Items from a dataset:
════════════════════

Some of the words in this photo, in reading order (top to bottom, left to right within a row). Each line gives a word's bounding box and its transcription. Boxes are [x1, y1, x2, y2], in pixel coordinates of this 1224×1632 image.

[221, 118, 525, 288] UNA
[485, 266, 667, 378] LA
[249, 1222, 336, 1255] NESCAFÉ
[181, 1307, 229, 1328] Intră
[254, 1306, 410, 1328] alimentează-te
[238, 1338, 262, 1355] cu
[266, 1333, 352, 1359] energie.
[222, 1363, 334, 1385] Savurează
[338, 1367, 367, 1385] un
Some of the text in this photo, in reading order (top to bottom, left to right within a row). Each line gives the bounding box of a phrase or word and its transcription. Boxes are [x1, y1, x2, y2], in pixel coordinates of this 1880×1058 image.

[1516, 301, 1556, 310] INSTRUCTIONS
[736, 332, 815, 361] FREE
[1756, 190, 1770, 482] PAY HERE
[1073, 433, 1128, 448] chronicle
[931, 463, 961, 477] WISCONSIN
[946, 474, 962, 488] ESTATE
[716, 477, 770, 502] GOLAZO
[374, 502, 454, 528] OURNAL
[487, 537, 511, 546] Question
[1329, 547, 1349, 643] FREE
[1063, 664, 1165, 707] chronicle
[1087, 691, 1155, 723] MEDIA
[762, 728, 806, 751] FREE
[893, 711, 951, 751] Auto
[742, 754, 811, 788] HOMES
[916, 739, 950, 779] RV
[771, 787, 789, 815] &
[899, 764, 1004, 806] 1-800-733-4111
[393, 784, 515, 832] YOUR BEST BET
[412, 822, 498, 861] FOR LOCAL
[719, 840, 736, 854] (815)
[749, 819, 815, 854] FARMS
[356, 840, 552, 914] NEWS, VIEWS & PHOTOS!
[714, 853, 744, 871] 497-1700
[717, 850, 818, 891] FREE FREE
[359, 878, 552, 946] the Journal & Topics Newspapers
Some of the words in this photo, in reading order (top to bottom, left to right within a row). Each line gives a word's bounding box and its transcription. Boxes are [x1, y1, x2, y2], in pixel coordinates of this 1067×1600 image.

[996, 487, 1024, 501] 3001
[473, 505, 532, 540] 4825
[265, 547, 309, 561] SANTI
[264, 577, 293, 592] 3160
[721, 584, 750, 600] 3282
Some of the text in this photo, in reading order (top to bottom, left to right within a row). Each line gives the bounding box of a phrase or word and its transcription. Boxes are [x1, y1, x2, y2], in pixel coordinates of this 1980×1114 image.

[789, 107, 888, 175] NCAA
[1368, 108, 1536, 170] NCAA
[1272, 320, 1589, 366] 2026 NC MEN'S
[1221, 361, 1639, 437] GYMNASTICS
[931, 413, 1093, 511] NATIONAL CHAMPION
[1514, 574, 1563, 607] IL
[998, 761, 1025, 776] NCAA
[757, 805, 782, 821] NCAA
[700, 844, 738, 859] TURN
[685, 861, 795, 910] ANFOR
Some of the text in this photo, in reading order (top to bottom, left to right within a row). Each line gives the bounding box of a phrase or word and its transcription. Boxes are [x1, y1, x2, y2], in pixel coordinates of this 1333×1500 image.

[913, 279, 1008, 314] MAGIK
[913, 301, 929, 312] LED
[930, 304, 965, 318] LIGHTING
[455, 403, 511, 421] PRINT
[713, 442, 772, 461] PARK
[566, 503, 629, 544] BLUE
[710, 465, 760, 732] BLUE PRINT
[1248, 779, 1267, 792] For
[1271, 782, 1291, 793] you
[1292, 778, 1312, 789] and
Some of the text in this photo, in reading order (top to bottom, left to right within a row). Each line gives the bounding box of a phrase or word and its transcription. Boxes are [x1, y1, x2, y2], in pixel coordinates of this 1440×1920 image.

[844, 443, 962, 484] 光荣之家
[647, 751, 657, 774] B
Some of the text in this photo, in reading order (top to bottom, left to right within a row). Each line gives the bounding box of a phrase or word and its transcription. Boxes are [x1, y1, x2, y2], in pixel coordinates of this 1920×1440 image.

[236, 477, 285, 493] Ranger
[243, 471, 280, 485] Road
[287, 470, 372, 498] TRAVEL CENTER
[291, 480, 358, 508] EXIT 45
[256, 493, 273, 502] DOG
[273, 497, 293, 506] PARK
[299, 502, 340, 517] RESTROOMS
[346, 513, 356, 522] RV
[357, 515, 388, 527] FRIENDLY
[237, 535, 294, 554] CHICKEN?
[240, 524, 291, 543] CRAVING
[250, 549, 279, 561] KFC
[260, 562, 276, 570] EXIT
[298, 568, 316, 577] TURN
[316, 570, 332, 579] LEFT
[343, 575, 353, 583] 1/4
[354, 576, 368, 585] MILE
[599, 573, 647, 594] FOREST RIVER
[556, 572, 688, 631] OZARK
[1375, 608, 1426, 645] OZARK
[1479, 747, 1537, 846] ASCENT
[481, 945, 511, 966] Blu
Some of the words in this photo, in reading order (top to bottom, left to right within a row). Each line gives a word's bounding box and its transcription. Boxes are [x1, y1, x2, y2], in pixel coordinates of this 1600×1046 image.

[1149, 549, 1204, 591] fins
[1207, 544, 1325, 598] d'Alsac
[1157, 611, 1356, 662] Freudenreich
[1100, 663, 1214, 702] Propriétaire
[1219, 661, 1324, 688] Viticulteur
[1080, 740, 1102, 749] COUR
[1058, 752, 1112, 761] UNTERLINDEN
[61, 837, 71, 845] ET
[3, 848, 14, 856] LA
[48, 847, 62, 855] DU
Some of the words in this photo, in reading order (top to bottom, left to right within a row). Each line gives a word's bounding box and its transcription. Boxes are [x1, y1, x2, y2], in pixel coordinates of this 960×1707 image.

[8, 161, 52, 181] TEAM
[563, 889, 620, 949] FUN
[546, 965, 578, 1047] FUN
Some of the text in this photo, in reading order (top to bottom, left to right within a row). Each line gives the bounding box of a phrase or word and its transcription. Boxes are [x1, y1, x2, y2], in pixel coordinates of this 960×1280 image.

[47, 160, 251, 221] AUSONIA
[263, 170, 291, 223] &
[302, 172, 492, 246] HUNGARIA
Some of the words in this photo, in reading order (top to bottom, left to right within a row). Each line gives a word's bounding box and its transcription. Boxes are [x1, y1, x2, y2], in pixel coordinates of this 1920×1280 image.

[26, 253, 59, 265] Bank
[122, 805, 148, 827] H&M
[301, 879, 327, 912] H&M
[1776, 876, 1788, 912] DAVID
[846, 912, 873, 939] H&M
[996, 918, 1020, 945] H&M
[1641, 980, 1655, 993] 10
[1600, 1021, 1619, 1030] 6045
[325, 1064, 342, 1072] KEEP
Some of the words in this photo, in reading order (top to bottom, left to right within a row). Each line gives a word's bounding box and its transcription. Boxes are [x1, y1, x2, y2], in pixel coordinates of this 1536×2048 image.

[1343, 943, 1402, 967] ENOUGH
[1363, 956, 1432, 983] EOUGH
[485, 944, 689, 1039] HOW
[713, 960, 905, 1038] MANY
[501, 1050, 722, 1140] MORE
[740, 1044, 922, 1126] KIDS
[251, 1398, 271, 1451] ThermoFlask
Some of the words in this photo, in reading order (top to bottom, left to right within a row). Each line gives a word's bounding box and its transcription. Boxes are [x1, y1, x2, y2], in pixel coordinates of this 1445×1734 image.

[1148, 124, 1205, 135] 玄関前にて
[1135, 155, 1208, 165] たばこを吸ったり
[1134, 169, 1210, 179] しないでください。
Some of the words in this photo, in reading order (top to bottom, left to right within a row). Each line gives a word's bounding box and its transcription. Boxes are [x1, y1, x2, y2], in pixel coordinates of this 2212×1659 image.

════════════════════

All of the entries above need to be retyped exactly.

Some of the words in this photo, in reading order (top to bottom, left to right within a row). Each line gives a word's bounding box and its transcription. Boxes are [x1, y1, x2, y2], in pixel coordinates of this 1224×1632 image.

[221, 118, 525, 288] UNA
[485, 266, 667, 378] LA
[249, 1222, 336, 1255] NESCAFÉ
[181, 1307, 229, 1328] Intră
[254, 1306, 410, 1328] alimentează-te
[238, 1338, 262, 1355] cu
[266, 1333, 352, 1359] energie.
[222, 1363, 334, 1385] Savurează
[338, 1367, 367, 1385] un
Some of the text in this photo, in reading order (top to bottom, left to right within a row). Each line gives the bounding box of a phrase or word and its transcription. Boxes are [x1, y1, x2, y2], in pixel coordinates of this 1880×1058 image.

[1516, 301, 1556, 310] INSTRUCTIONS
[736, 332, 815, 361] FREE
[1756, 190, 1770, 482] PAY HERE
[1073, 433, 1128, 448] chronicle
[931, 463, 961, 477] WISCONSIN
[946, 474, 962, 488] ESTATE
[716, 477, 770, 502] GOLAZO
[374, 502, 454, 528] OURNAL
[487, 537, 511, 546] Question
[1329, 547, 1349, 643] FREE
[1063, 664, 1165, 707] chronicle
[1087, 691, 1155, 723] MEDIA
[762, 728, 806, 751] FREE
[893, 711, 951, 751] Auto
[742, 754, 811, 788] HOMES
[916, 739, 950, 779] RV
[771, 787, 789, 815] &
[899, 764, 1004, 806] 1-800-733-4111
[393, 784, 515, 832] YOUR BEST BET
[412, 822, 498, 861] FOR LOCAL
[719, 840, 736, 854] (815)
[749, 819, 815, 854] FARMS
[356, 840, 552, 914] NEWS, VIEWS & PHOTOS!
[714, 853, 744, 871] 497-1700
[717, 850, 818, 891] FREE FREE
[359, 878, 552, 946] the Journal & Topics Newspapers
Some of the words in this photo, in reading order (top to bottom, left to right within a row). Each line gives a word's bounding box and its transcription. Boxes are [x1, y1, x2, y2], in pixel coordinates of this 1067×1600 image.

[996, 487, 1024, 501] 3001
[473, 505, 532, 540] 4825
[265, 547, 309, 561] SANTI
[264, 577, 293, 592] 3160
[721, 584, 750, 600] 3282
Some of the text in this photo, in reading order (top to bottom, left to right within a row). Each line gives the bounding box of a phrase or word and its transcription. Boxes are [x1, y1, x2, y2], in pixel coordinates of this 1980×1114 image.

[789, 107, 888, 175] NCAA
[1368, 108, 1536, 170] NCAA
[1272, 320, 1589, 366] 2026 NC MEN'S
[1221, 361, 1639, 437] GYMNASTICS
[931, 413, 1093, 511] NATIONAL CHAMPION
[1514, 574, 1563, 607] IL
[998, 761, 1025, 776] NCAA
[757, 805, 782, 821] NCAA
[700, 844, 738, 859] TURN
[685, 861, 795, 910] ANFOR
Some of the text in this photo, in reading order (top to bottom, left to right within a row). Each line gives the bounding box of a phrase or word and its transcription. Boxes are [x1, y1, x2, y2], in pixel coordinates of this 1333×1500 image.

[913, 279, 1008, 314] MAGIK
[913, 301, 929, 312] LED
[930, 304, 965, 318] LIGHTING
[455, 403, 511, 421] PRINT
[713, 442, 772, 461] PARK
[566, 503, 629, 544] BLUE
[710, 465, 760, 732] BLUE PRINT
[1248, 779, 1267, 792] For
[1271, 782, 1291, 793] you
[1292, 778, 1312, 789] and
Some of the text in this photo, in reading order (top to bottom, left to right within a row). Each line gives the bounding box of a phrase or word and its transcription. Boxes are [x1, y1, x2, y2], in pixel coordinates of this 1440×1920 image.

[844, 443, 962, 484] 光荣之家
[647, 751, 657, 774] B
Some of the text in this photo, in reading order (top to bottom, left to right within a row). Each line gives the bounding box of a phrase or word and its transcription. Boxes are [x1, y1, x2, y2], in pixel coordinates of this 1920×1440 image.

[236, 477, 285, 493] Ranger
[243, 471, 280, 485] Road
[287, 470, 372, 498] TRAVEL CENTER
[291, 480, 358, 508] EXIT 45
[256, 493, 273, 502] DOG
[273, 497, 293, 506] PARK
[299, 502, 340, 517] RESTROOMS
[346, 513, 356, 522] RV
[357, 515, 388, 527] FRIENDLY
[237, 535, 294, 554] CHICKEN?
[240, 524, 291, 543] CRAVING
[250, 549, 279, 561] KFC
[260, 562, 276, 570] EXIT
[298, 568, 316, 577] TURN
[316, 570, 332, 579] LEFT
[343, 575, 353, 583] 1/4
[354, 576, 368, 585] MILE
[599, 573, 647, 594] FOREST RIVER
[556, 572, 688, 631] OZARK
[1375, 608, 1426, 645] OZARK
[1479, 747, 1537, 846] ASCENT
[481, 945, 511, 966] Blu
Some of the words in this photo, in reading order (top to bottom, left to right within a row). Each line gives a word's bounding box and its transcription. Boxes are [x1, y1, x2, y2], in pixel coordinates of this 1600×1046 image.

[1149, 549, 1204, 591] fins
[1207, 544, 1325, 598] d'Alsac
[1157, 611, 1356, 662] Freudenreich
[1100, 663, 1214, 702] Propriétaire
[1219, 661, 1324, 688] Viticulteur
[1080, 740, 1102, 749] COUR
[1058, 752, 1112, 761] UNTERLINDEN
[61, 837, 71, 845] ET
[3, 848, 14, 856] LA
[48, 847, 62, 855] DU
Some of the words in this photo, in reading order (top to bottom, left to right within a row). Each line gives a word's bounding box and its transcription. Boxes are [x1, y1, x2, y2], in pixel coordinates of this 960×1707 image.

[8, 161, 52, 181] TEAM
[563, 889, 620, 949] FUN
[546, 965, 578, 1047] FUN
Some of the text in this photo, in reading order (top to bottom, left to right within a row). Each line gives the bounding box of a phrase or word and its transcription. Boxes are [x1, y1, x2, y2], in pixel coordinates of this 960×1280 image.

[47, 160, 251, 221] AUSONIA
[263, 170, 291, 223] &
[302, 172, 492, 246] HUNGARIA
Some of the words in this photo, in reading order (top to bottom, left to right within a row). Each line gives a word's bounding box and its transcription. Boxes are [x1, y1, x2, y2], in pixel coordinates of this 1920×1280 image.

[26, 253, 59, 265] Bank
[122, 805, 148, 827] H&M
[301, 879, 327, 912] H&M
[1776, 876, 1788, 912] DAVID
[846, 912, 873, 939] H&M
[996, 918, 1020, 945] H&M
[1641, 980, 1655, 993] 10
[1600, 1021, 1619, 1030] 6045
[325, 1064, 342, 1072] KEEP
Some of the words in this photo, in reading order (top to bottom, left to right within a row). Each line gives a word's bounding box and its transcription. Boxes are [x1, y1, x2, y2], in pixel coordinates of this 1536×2048 image.

[1343, 943, 1402, 967] ENOUGH
[1363, 956, 1432, 983] EOUGH
[485, 944, 689, 1039] HOW
[713, 960, 905, 1038] MANY
[501, 1050, 722, 1140] MORE
[740, 1044, 922, 1126] KIDS
[251, 1398, 271, 1451] ThermoFlask
Some of the words in this photo, in reading order (top to bottom, left to right within a row). Each line gives a word's bounding box and its transcription. Boxes are [x1, y1, x2, y2], in pixel coordinates of this 1445×1734 image.

[1148, 124, 1205, 135] 玄関前にて
[1135, 155, 1208, 165] たばこを吸ったり
[1134, 169, 1210, 179] しないでください。
Some of the words in this photo, in reading order (top to bottom, left to right within a row). Each line gives a word's bounding box and its transcription. Boxes are [x1, y1, x2, y2], in pixel coordinates of this 2212×1659 image.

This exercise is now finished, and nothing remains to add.